Coisas da Política - Por que temem as prévias?

Mauro Santayana, JB Online

“Insurge-se, e de forma direta, o ex-presidente Fernando Henrique Cardoso contra a realização de prévias eleitorais para a escolha do candidato de seu partido à sucessão do presidente Lula. A primeira pergunta que todos fazemos é simples: por que temer a consulta às bases partidárias? Os partidos são organizações da cidadania para a conquista do poder, não devem ser rebanhos de eleitores, encabrestados por uma direção partidária, que se julga capaz de pensar por todos, decidir por todos, a todos impor a sua própria visão da política e de governo.
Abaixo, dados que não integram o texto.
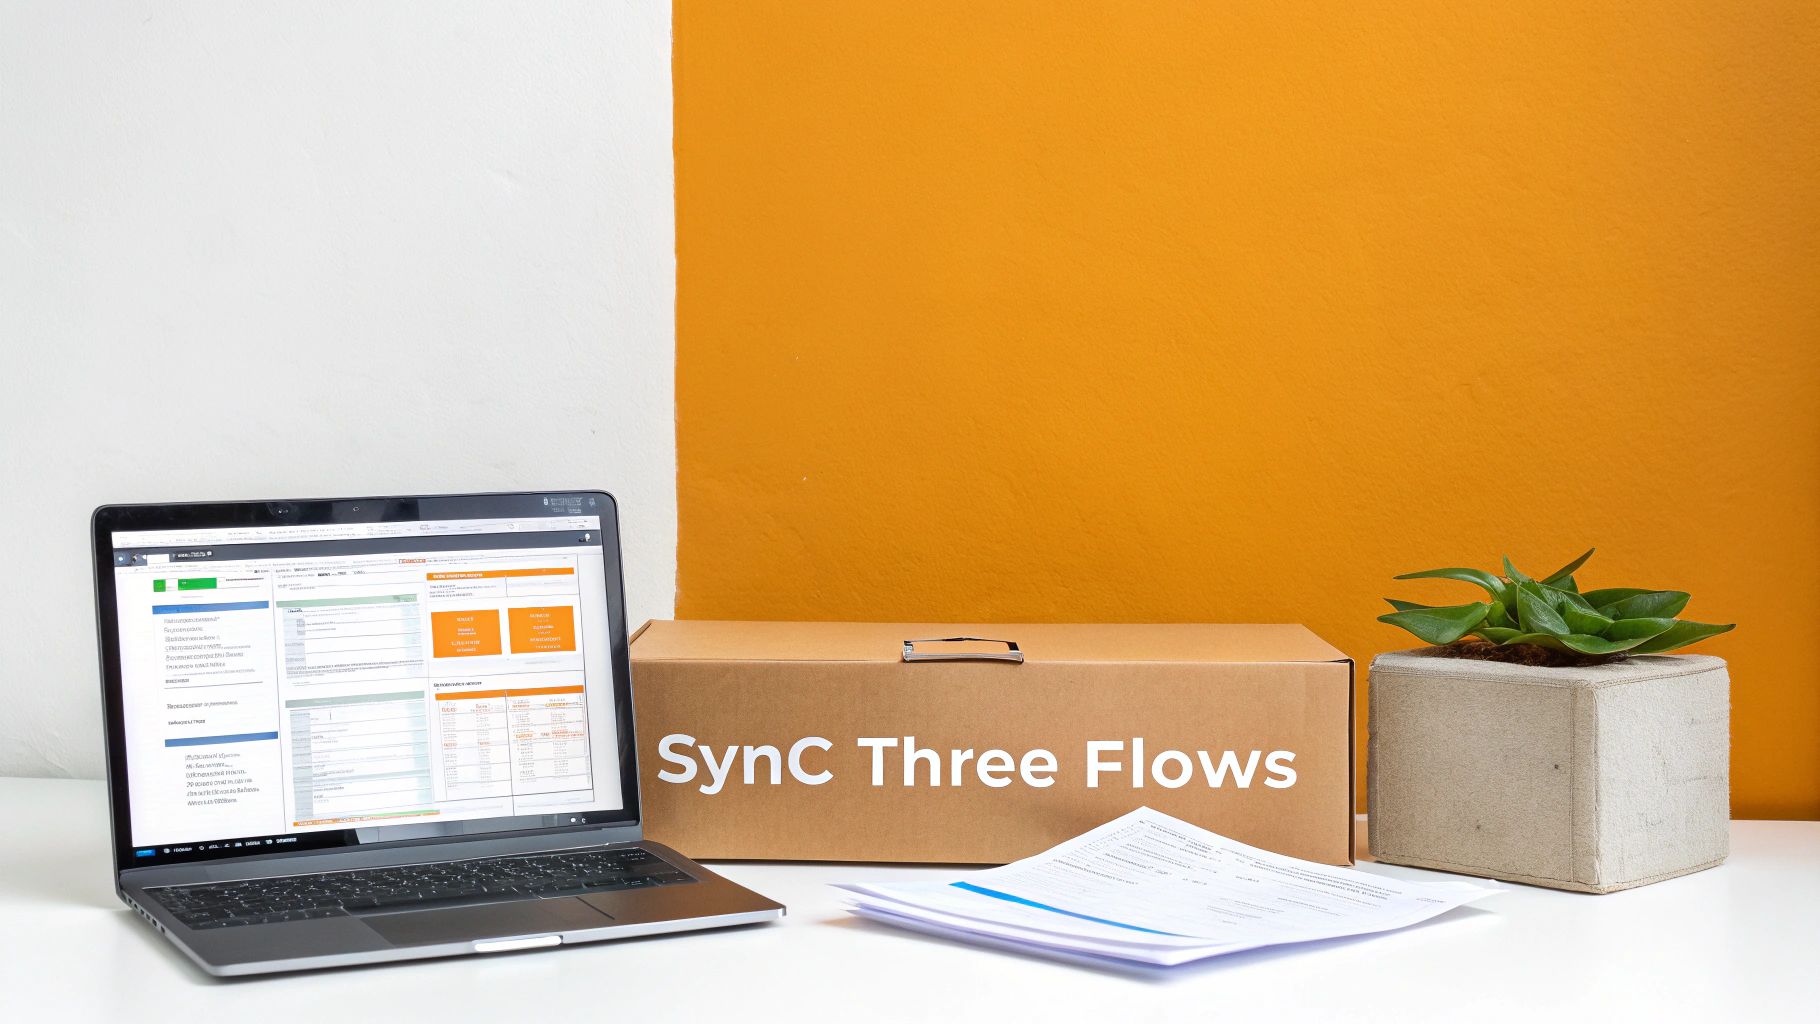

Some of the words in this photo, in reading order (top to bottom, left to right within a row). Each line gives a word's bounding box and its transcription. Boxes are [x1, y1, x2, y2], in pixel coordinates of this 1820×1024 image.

[657, 733, 834, 795] SynC
[857, 736, 1058, 788] Three
[1086, 737, 1298, 789] Flows
Os que temem o povo não podem reivindicar o direito de governá-lo.

As prévias são prévias. Não constituem a eleição, mas a escolha democrática, pelos partidos, de seus candidatos. Há uma distância entre os postulantes, na esfera partidária, e os candidatos, nas eleições populares. Mas é preciso ser soberbamente elitista alguém que se considere mais apto a escolher os candidatos do que a própria base partidária. Essa presunção acarreta grave responsabilidade. Se o escolhido pela cúpula for derrotado – e a derrota, nesse caso, é possibilidade maior do que a vitória – caberá à direção o ônus do malogro eleitoral. Se a decisão é obtida nas prévias, ela é da responsabilidade do corpo partidário. Como advertia Aristóteles, uma multidão tem menos possibilidade de errar do que um só. Um só, ou um pequeno grupo. A escolha será tanto mais legítima quanto mais plural.

O ex-presidente da República se considera o maior líder político brasileiro, como confidenciam alguns de seus amigos. Se assim é, ele sabe que poderá influir sobre os militantes e filiados, de forma a assegurar a escolha do candidato que prefira. A menos que o sociólogo tenha recebido sinais de que o seu prestígio míngua, assolado pelas novas realidades. Ele sabe que, se sair às ruas, provavelmente será indagado por que aderiu com tanto entusiasmo ao Consenso de Washington, a ponto de comprometer, de forma irreparável, a economia nacional. Ele só não conseguiu privatizar tudo e desnacionalizar mais o sistema financeiro, porque houve reação viril à desestatização do Banco do Brasil, da Caixa Econômica Federal e de boa parte do setor de energia elétrica. Hoje, mesmo economistas neoliberais concluem que ainda não fomos à breca porque dispomos de um sistema estatal de crédito, que escapou da fúria entreguista do governo FHC.”